### WORK TO BE COMPLETED:
Copy the complete listing that follows, letter for letter.

### ENTRIES SHOWN:

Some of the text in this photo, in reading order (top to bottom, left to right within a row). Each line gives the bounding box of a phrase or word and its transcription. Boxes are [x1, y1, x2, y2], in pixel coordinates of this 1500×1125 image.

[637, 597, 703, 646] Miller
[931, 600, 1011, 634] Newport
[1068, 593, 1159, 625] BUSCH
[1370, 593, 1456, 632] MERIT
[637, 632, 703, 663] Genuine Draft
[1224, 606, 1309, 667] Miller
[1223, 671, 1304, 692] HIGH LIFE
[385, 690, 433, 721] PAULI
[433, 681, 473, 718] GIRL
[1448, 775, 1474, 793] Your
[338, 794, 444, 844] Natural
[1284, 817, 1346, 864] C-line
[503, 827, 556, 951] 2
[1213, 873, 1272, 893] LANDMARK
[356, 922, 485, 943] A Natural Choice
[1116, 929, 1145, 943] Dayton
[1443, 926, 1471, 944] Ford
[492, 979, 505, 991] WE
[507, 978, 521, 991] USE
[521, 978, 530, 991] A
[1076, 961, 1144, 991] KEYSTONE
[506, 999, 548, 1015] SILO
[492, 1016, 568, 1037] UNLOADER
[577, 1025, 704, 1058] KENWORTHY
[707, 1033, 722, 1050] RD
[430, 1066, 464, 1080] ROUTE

### SOLUTION TO THE PROBLEM:
Some of the text in this photo, in reading order (top to bottom, left to right within a row). Each line gives the bounding box of a phrase or word and its transcription. Boxes are [x1, y1, x2, y2], in pixel coordinates of this 1500×1125 image.

[637, 597, 703, 646] Miller
[931, 600, 1011, 634] Newport
[1068, 593, 1159, 625] BUSCH
[1370, 593, 1456, 632] MERIT
[637, 632, 703, 663] Genuine Draft
[1224, 606, 1309, 667] Miller
[1223, 671, 1304, 692] HIGH LIFE
[385, 690, 433, 721] PAULI
[433, 681, 473, 718] GIRL
[1448, 775, 1474, 793] Your
[338, 794, 444, 844] Natural
[1284, 817, 1346, 864] C-line
[503, 827, 556, 951] 2
[1213, 873, 1272, 893] LANDMARK
[356, 922, 485, 943] A Natural Choice
[1116, 929, 1145, 943] Dayton
[1443, 926, 1471, 944] Ford
[492, 979, 505, 991] WE
[507, 978, 521, 991] USE
[521, 978, 530, 991] A
[1076, 961, 1144, 991] KEYSTONE
[506, 999, 548, 1015] SILO
[492, 1016, 568, 1037] UNLOADER
[577, 1025, 704, 1058] KENWORTHY
[707, 1033, 722, 1050] RD
[430, 1066, 464, 1080] ROUTE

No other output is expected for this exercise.